The problems are big. The solutions must also be big.
Here is a part of what Nobel Prize winning economist Paul Krugman had to say about this in The New York Times:
So 10 Republican senators are proposing an economic package that is supposed to be an alternative to President Biden’s American Rescue Plan. The proposal would reportedly be only a fraction of the size of Biden’s plan and would in important ways cut the heart out of economic relief.
Republicans, however, want Biden to give in to their wishes in the name of bipartisanship. Should he?
No, no, 1.9 trillion times no.
It’s not just that what we know about the G.O.P. proposal indicates that it’s grotesquely inadequate for a nation still ravaged by the coronavirus pandemic. Beyond that, by their behavior — not just over the past few months but going back a dozen years — Republicans have forfeited any right to play the bipartisanship card, or even to be afforded any presumption of good faith.
Let’s start with the substance.
By any measure, January was the worst pandemic month so far. More than 95,000 Americans died of Covid-19; hospitalizations remain far higher than they were at previous peaks.
True, the end of the nightmare is finally in sight. If all goes well, at some point this year enough people will have been vaccinated that we’ll reach herd immunity, the pandemic will fade away, and normal life can resume. But that’s unlikely to happen before late summer or early fall.
And in the meantime we’re going to have to remain on partial lockdown. It would, for example, be folly to reopen full-scale indoor dining. And the continuing lockdown will impose a lot of financial hardship. Unemployment will remain very high; millions of businesses will struggle to stay afloat; state and local governments, which aren’t allowed to run deficits, will be in dire fiscal straits
What we need, then, is disaster relief to get afflicted Americans through the harsh months ahead. And that’s what the Biden plan would do.
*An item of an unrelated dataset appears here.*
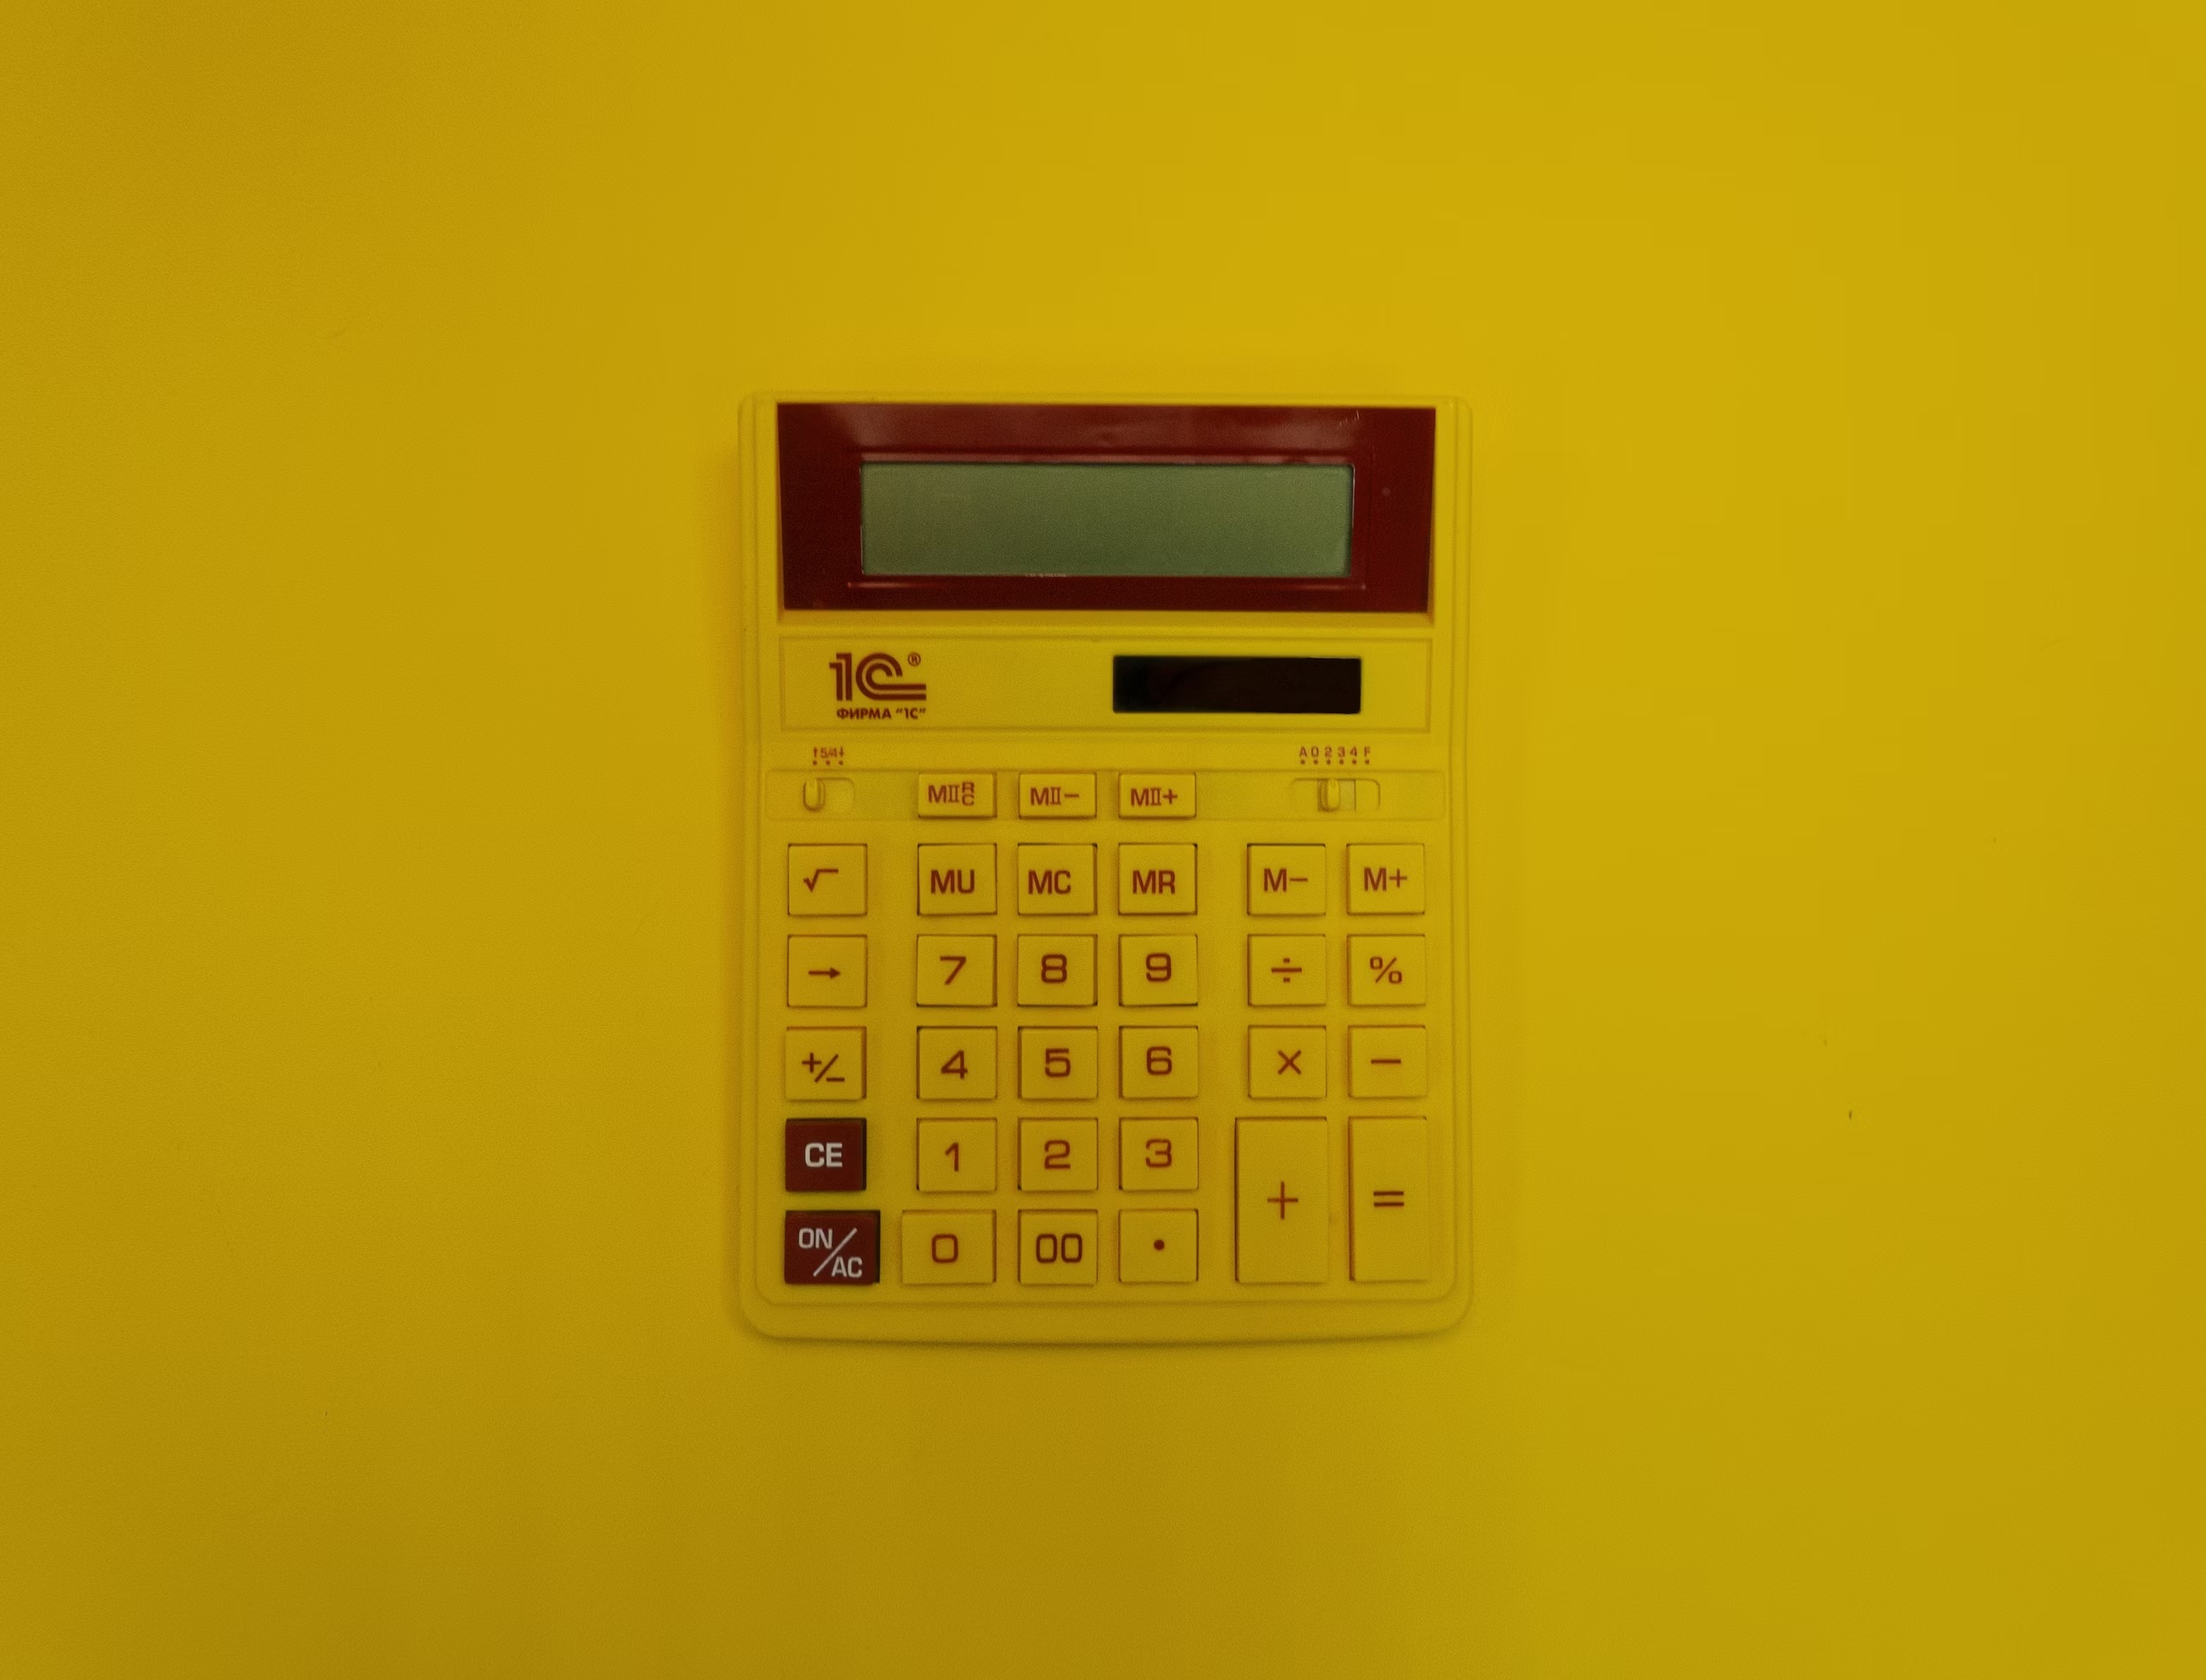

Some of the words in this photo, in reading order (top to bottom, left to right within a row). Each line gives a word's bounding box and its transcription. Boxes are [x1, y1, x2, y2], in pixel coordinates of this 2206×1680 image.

Republicans, however, want to rip the guts out of this plan. They are seeking to reduce extra aid to the unemployed and, more important, cut that aid off in June — long before we can possibly get back to full employment. They want to eliminate hundreds of billions in aid to state and local governments. They want to eliminate aid for children. And so on.
This isn’t an offer of compromise; it’s a demand for near-total surrender. And the consequences would be devastating if Democrats were to give in. . . .
So it’s OK for Biden to talk with Republicans and hear them out. But should he make any substantive concessions in an attempt to win them over? Should he let negotiations with Republicans delay the passage of his rescue plan? Absolutely not. Just get it done.